**Instructions for the task:**
This exercise requires an exact output of the listing, images omitted.

• • • • • • •

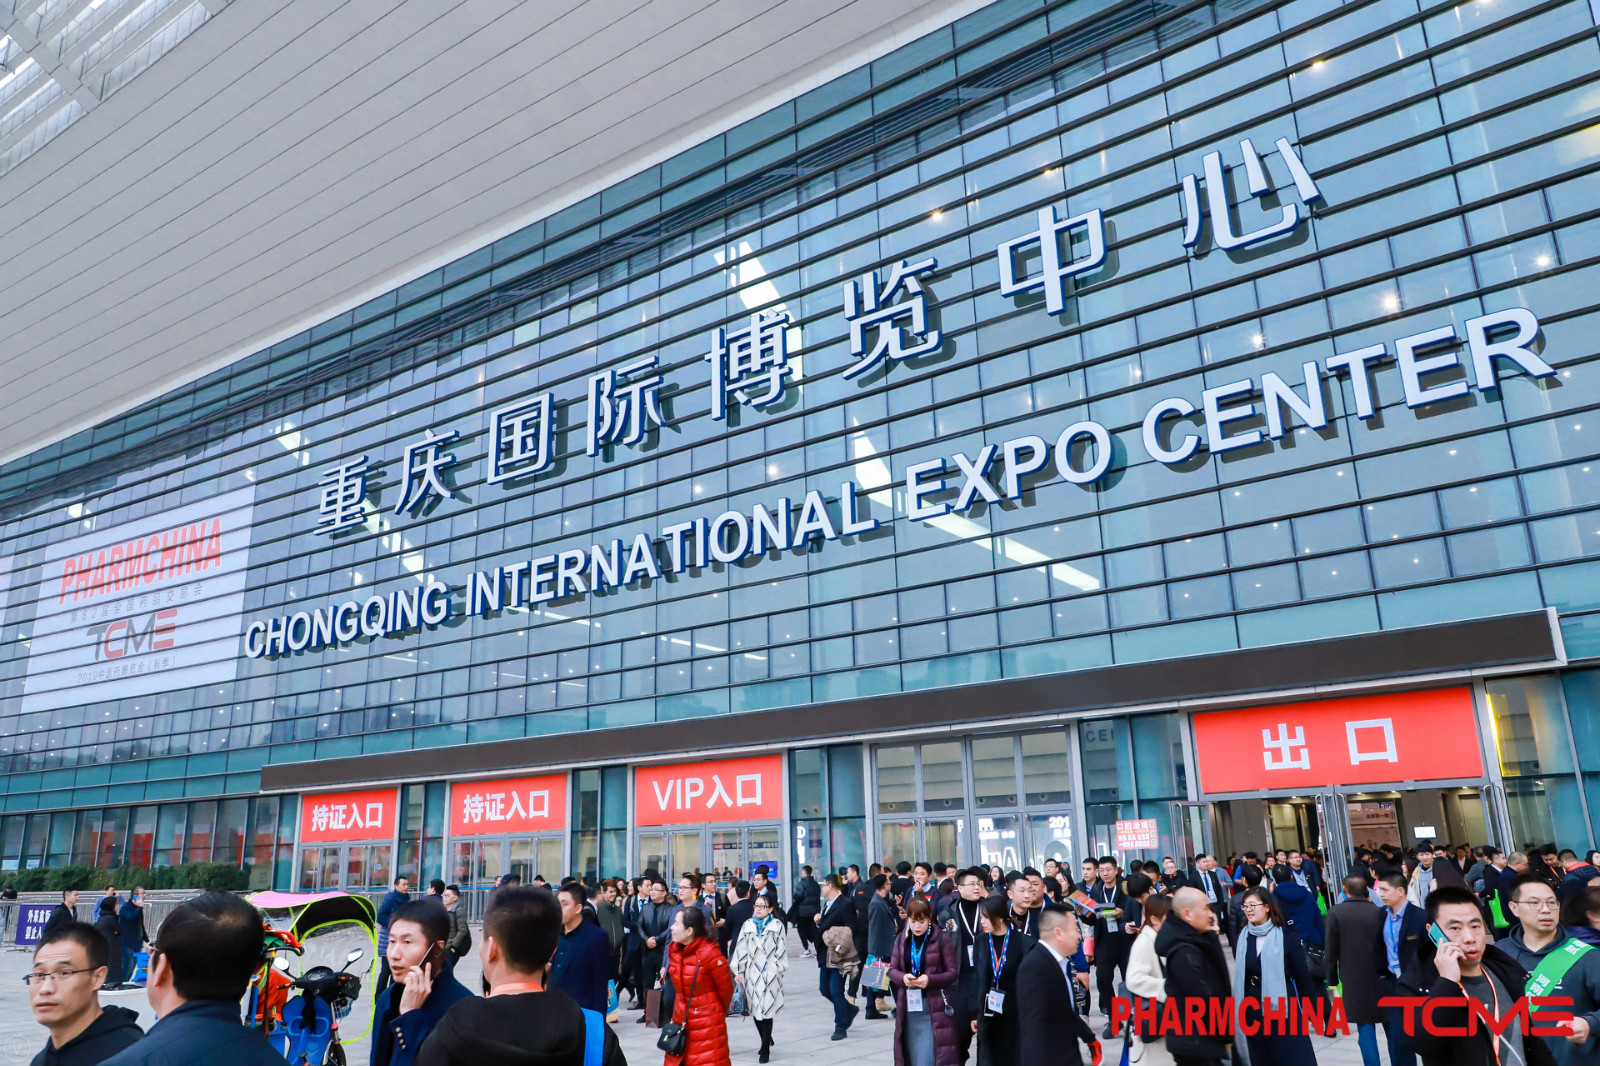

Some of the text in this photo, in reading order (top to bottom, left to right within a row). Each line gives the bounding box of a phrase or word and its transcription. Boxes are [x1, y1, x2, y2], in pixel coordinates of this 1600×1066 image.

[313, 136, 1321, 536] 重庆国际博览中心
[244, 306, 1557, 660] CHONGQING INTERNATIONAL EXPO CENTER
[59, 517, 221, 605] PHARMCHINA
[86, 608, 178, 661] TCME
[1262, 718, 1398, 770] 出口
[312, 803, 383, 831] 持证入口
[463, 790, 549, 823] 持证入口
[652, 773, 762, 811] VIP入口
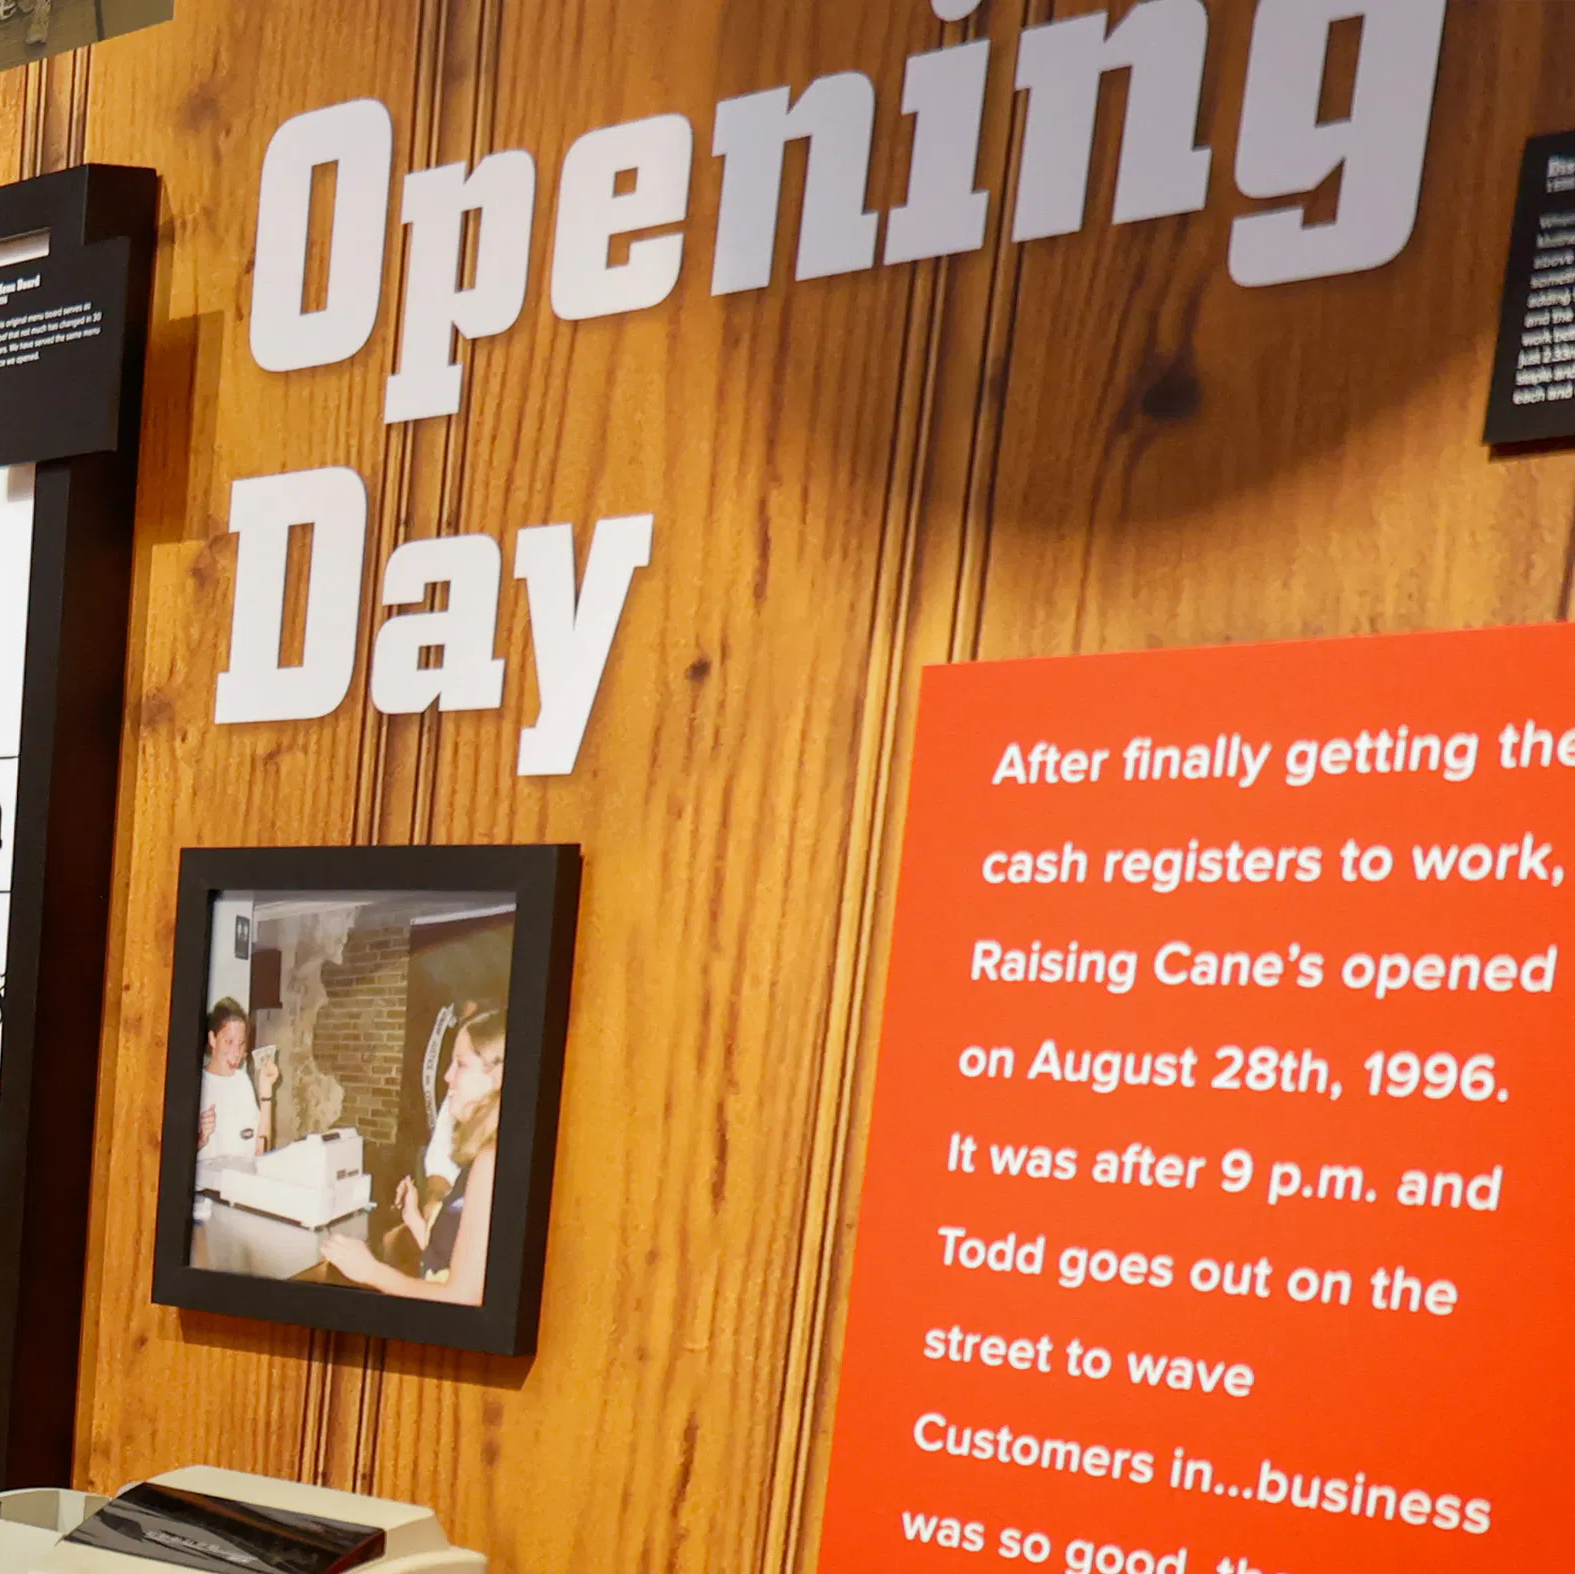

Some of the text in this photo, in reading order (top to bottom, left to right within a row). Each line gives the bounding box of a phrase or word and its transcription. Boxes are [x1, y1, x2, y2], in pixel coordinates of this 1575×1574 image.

• • • • • • •

**Task solution:**
Some of the text in this photo, in reading order (top to bottom, left to right within a row). Each line gives the bounding box of a phrase or word and its transcription. Boxes are [x1, y1, x2, y2], in pixel coordinates of this 1600×1066 image.

[313, 136, 1321, 536] 重庆国际博览中心
[244, 306, 1557, 660] CHONGQING INTERNATIONAL EXPO CENTER
[59, 517, 221, 605] PHARMCHINA
[86, 608, 178, 661] TCME
[1262, 718, 1398, 770] 出口
[312, 803, 383, 831] 持证入口
[463, 790, 549, 823] 持证入口
[652, 773, 762, 811] VIP入口

Some of the text in this photo, in reading order (top to bottom, left to right within a row). Each line gives the bounding box of a phrase or word and its transcription. Boxes are [x1, y1, x2, y2], in pixel coordinates of this 1575×1574 image.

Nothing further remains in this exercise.